What is being asked: Set down every record below exactly as it appears, but without the pictures.

Stored data entries
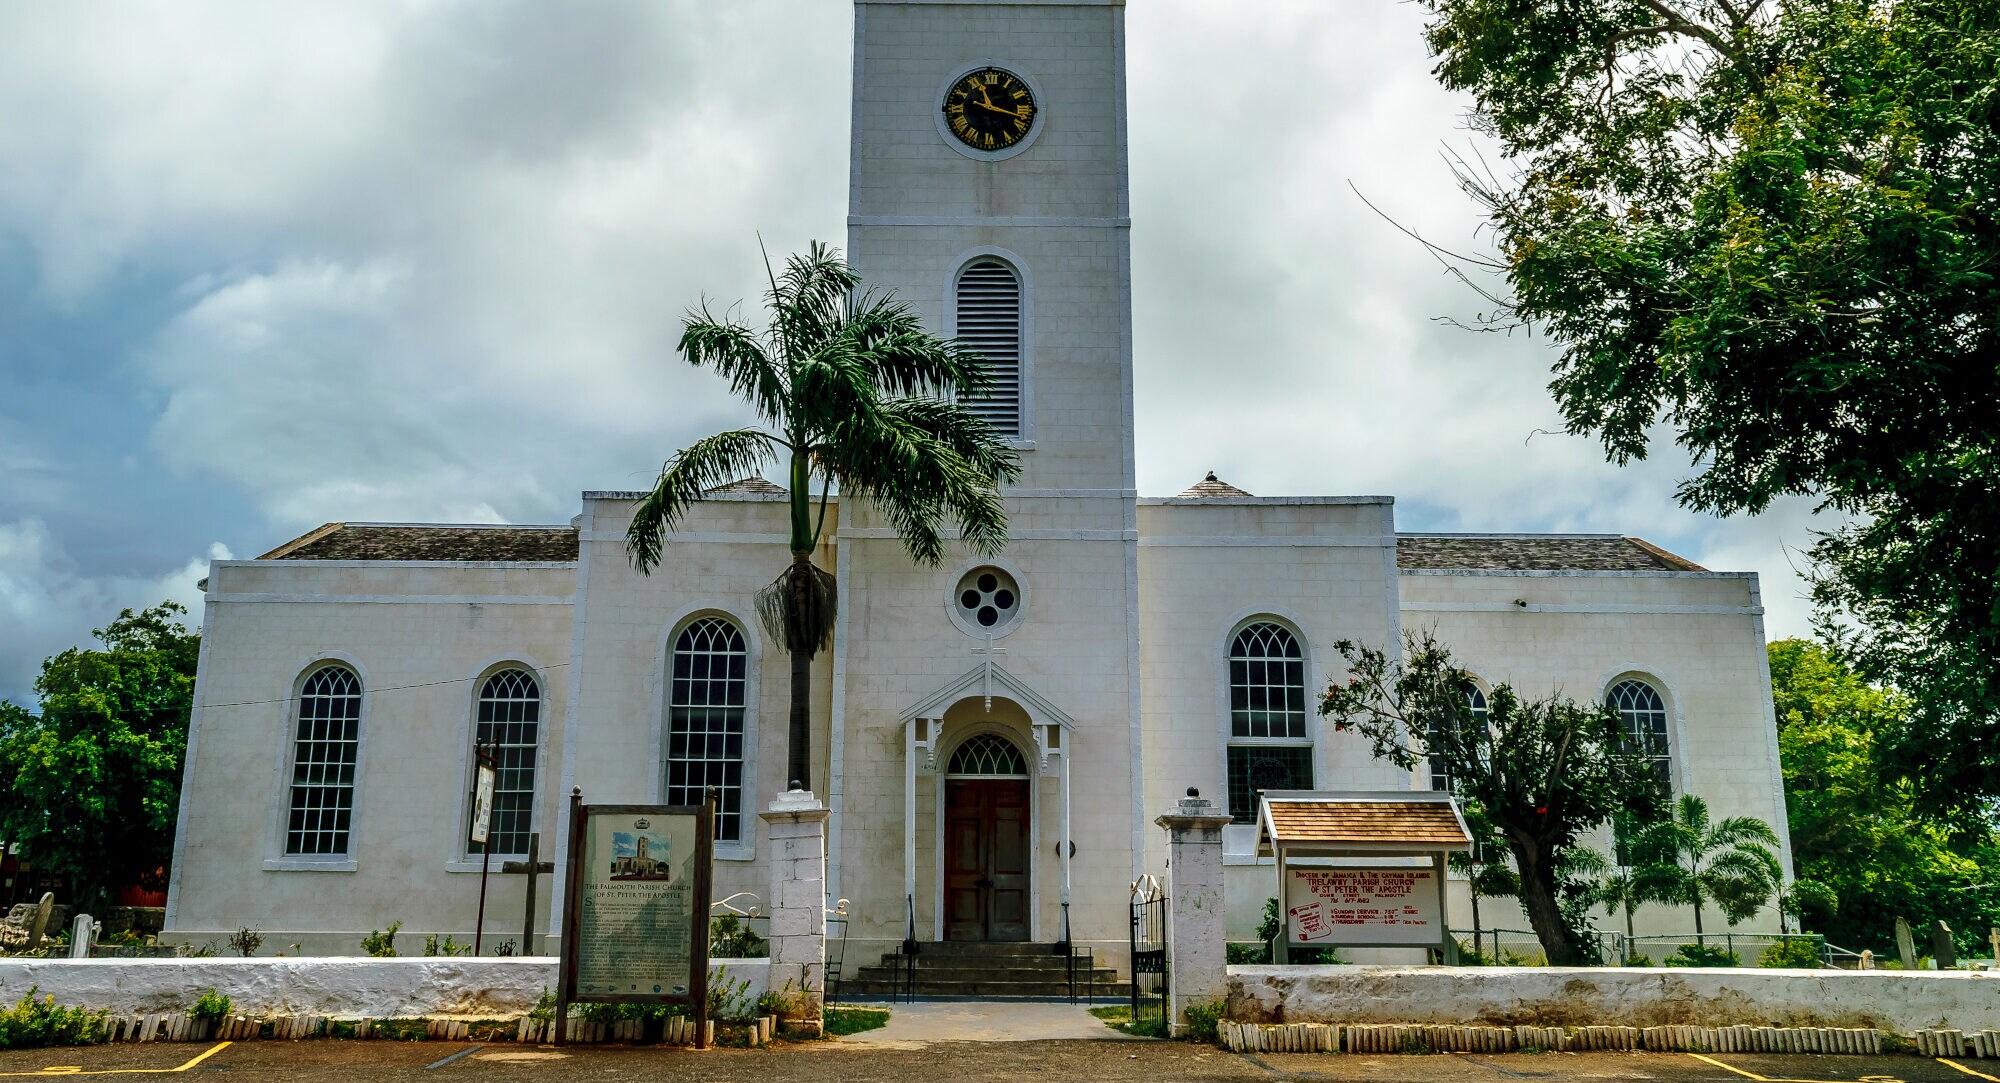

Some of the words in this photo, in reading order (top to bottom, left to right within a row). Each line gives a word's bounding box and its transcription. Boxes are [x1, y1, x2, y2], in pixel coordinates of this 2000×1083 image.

[600, 883, 635, 891] FALMOUTH
[637, 883, 660, 891] PARISH
[1311, 886, 1320, 894] OF
[1321, 886, 1330, 894] ST
[1334, 886, 1359, 894] PETER
[1361, 886, 1375, 894] THE
[1378, 886, 1412, 894] APOSTLE
[652, 891, 681, 899] APOSTLE

Exercise result:
Some of the words in this photo, in reading order (top to bottom, left to right within a row). Each line gives a word's bounding box and its transcription. Boxes are [x1, y1, x2, y2], in pixel coordinates of this 2000×1083 image.

[600, 883, 635, 891] FALMOUTH
[637, 883, 660, 891] PARISH
[1311, 886, 1320, 894] OF
[1321, 886, 1330, 894] ST
[1334, 886, 1359, 894] PETER
[1361, 886, 1375, 894] THE
[1378, 886, 1412, 894] APOSTLE
[652, 891, 681, 899] APOSTLE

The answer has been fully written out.